Namun, haruskah Tuhan mempertemukannya kembali dengan lelaki itu setelah ia kehilangan Haruto? Apakah ia harus mengulang kisah yang sama seperti dulu?

Jeongwoo diam-diam mengintip dari balik gorden jendela kamarnya. Ia menatap lurus-lurus pada sosok lelaki yang masih berada di halaman.

"Gue benci ketemu lo lagi." Ucap Jeongwoo penuh kebencian.

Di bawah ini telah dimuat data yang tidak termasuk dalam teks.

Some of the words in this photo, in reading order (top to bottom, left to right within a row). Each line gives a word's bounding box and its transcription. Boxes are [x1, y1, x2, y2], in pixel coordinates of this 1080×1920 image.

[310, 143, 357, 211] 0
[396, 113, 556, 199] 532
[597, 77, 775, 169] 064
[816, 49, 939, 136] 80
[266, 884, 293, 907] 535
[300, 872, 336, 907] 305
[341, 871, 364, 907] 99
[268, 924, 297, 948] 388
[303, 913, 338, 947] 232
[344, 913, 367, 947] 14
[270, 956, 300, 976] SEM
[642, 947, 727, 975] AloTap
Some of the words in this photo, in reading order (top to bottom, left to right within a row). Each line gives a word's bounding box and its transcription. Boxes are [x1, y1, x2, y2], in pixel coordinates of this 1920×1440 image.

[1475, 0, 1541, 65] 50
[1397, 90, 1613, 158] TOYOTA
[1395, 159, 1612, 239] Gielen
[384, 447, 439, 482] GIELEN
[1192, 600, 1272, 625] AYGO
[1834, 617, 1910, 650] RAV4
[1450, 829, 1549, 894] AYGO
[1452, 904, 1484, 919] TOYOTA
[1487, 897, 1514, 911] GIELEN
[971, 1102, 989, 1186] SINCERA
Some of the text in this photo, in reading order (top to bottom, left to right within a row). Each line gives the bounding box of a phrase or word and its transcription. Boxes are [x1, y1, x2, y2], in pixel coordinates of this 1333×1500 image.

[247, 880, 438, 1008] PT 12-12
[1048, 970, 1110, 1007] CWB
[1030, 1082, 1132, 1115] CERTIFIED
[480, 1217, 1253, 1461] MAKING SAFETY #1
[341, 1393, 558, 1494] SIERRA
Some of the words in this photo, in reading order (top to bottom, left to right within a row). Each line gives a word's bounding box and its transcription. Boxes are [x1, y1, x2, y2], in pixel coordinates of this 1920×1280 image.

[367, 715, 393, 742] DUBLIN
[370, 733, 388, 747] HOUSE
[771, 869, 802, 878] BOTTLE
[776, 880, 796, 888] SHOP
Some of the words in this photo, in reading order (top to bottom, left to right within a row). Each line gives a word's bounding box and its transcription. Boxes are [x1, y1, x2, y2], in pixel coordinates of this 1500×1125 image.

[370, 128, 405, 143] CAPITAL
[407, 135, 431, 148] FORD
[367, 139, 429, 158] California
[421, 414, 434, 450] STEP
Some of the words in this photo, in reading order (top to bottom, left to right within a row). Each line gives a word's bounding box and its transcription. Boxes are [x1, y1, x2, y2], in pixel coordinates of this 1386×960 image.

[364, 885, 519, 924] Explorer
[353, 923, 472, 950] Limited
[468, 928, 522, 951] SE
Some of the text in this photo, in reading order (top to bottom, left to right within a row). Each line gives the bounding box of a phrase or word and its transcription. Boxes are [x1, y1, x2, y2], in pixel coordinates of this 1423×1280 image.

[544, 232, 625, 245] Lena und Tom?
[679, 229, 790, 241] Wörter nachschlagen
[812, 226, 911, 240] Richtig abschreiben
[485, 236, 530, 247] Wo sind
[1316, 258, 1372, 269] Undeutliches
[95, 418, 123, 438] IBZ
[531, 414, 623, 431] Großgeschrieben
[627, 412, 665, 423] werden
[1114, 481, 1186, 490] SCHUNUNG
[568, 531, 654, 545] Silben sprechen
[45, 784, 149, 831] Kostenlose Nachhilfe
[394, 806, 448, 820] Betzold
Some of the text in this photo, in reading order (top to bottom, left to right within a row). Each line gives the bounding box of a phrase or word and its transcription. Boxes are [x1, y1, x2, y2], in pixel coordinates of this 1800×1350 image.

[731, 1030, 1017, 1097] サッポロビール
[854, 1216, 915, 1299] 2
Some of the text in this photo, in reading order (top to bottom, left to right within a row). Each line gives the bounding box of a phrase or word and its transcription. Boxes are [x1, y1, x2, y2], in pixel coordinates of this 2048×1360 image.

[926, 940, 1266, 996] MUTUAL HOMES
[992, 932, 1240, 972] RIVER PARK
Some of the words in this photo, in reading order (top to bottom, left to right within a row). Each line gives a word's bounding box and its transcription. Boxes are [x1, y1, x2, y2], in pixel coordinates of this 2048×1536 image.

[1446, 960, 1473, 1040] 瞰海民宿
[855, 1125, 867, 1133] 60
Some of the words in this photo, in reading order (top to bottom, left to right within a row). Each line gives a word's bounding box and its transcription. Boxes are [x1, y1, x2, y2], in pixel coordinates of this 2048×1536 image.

Namun, sedetik kemudian matanya meneduh. Ia lantas menarik nafas dalam lalu menghembuskannya perlahan. Ia sadar tidak seharusnya dia bersikap seperti ini pada lelaki itu.

"Gue benci lo karena masa lalu. Lo mesti tau my life is better without you. Because I have Haruto."

Dadanya terasa nyeri. Apa benar Jeongwoo masih bisa bilang bahwa dia memiliki Haruto sekarang, setelah lelaki itu juga meninggalkannya?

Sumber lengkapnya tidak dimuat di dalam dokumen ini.